The lack of cinemas is the biggest hurdle facing the development of the Middle East and North Africa's film industry, regional film experts say.
Films lack screens to spur output
The lack of cinemas is the biggest hurdle facing the development of the Middle East and North Africa's film industry, regional film experts say. Despite its substantial population of more than 300 million people, the region has only 800 cinema screens, which curtails the ability of film producers to recoup their investment in local movies.
"The weakness of the Arab world is that there are no cinemas, for either religious or economic reasons," said Tarak Ben Ammar, the chairman of Quinta Communications. He pointed to the example of Algeria, which once had 600 cinemas but now has almost none as a result of a conservative leadership. Gabriel Khoury, a producer with Misr International Films in Egypt, said filmmakers had nowhere to distribute their films in the region outside of Egypt, Jordan, the UAE and Kuwait.
"This is because of a lack of infrastructure," he said, adding that the governments in countries looking to develop a film industry should begin by encouraging the building of multiplexes. In particular, he called the low number of multiplexes in North Africa "inconceivable". Frederic Sichler, the chairman of Amana Creative, which was set up to develop content and media activities between the West and the Middle East, said the only way that film budgets in the region could grow from the US$1 million (Dh3.6m) range to the $20m mark, equivalent to a medium-budget independent comedy in the US, was if there was a massive increase in the number of cinemas.

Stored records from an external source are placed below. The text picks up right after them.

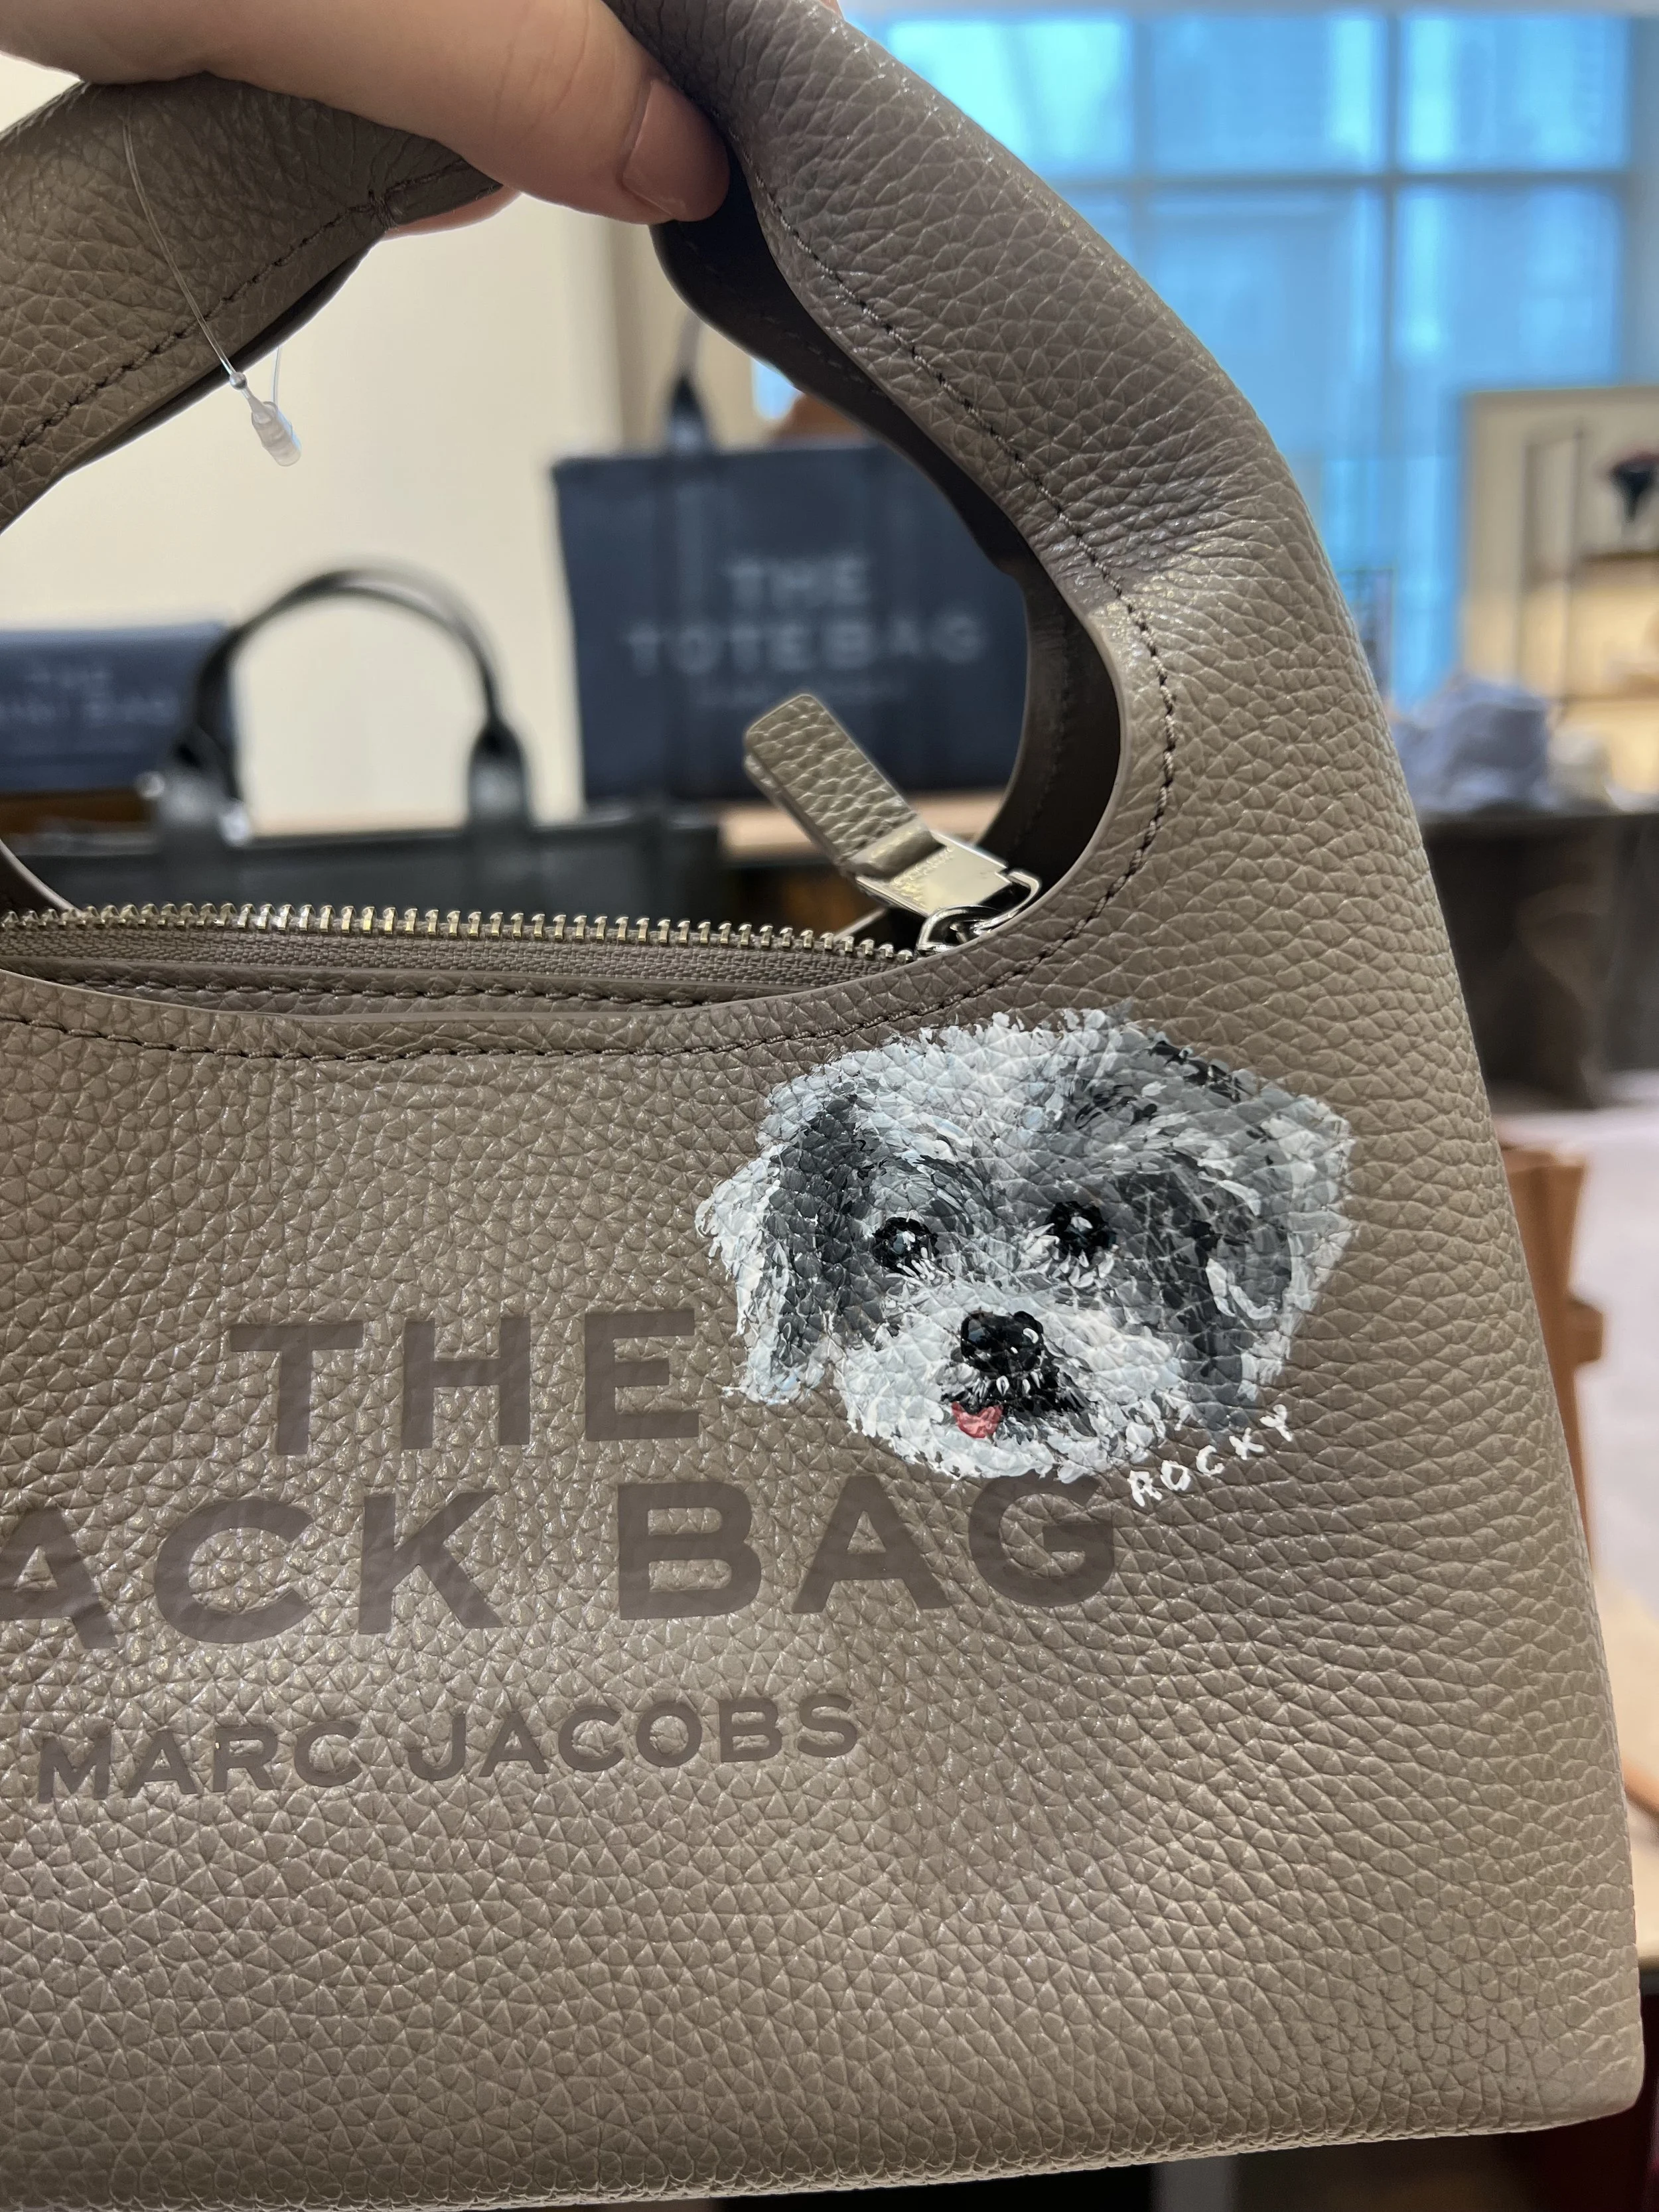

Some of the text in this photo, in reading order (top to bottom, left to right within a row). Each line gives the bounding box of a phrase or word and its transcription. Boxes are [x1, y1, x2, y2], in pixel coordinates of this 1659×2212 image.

[727, 554, 868, 607] THE
[625, 611, 984, 675] TOTE BAG
[230, 1309, 699, 1455] THE
[1127, 1404, 1293, 1507] ROCKY
[618, 1469, 1116, 1620] BAG
[38, 1694, 857, 1803] MARC JACOBS

Shivani Pandya, the managing director of the Dubai International Film Festival, said box-office revenues in the Middle East remained stuck at the relatively low range of $74m to $78m a year because of the lack of distribution options for films. While Egypt had 400 cinema screens and the UAE 200, "in all other countries, you have double digits", she said. "If you are investing, the maximum you can make back is $7m to $8m," she said.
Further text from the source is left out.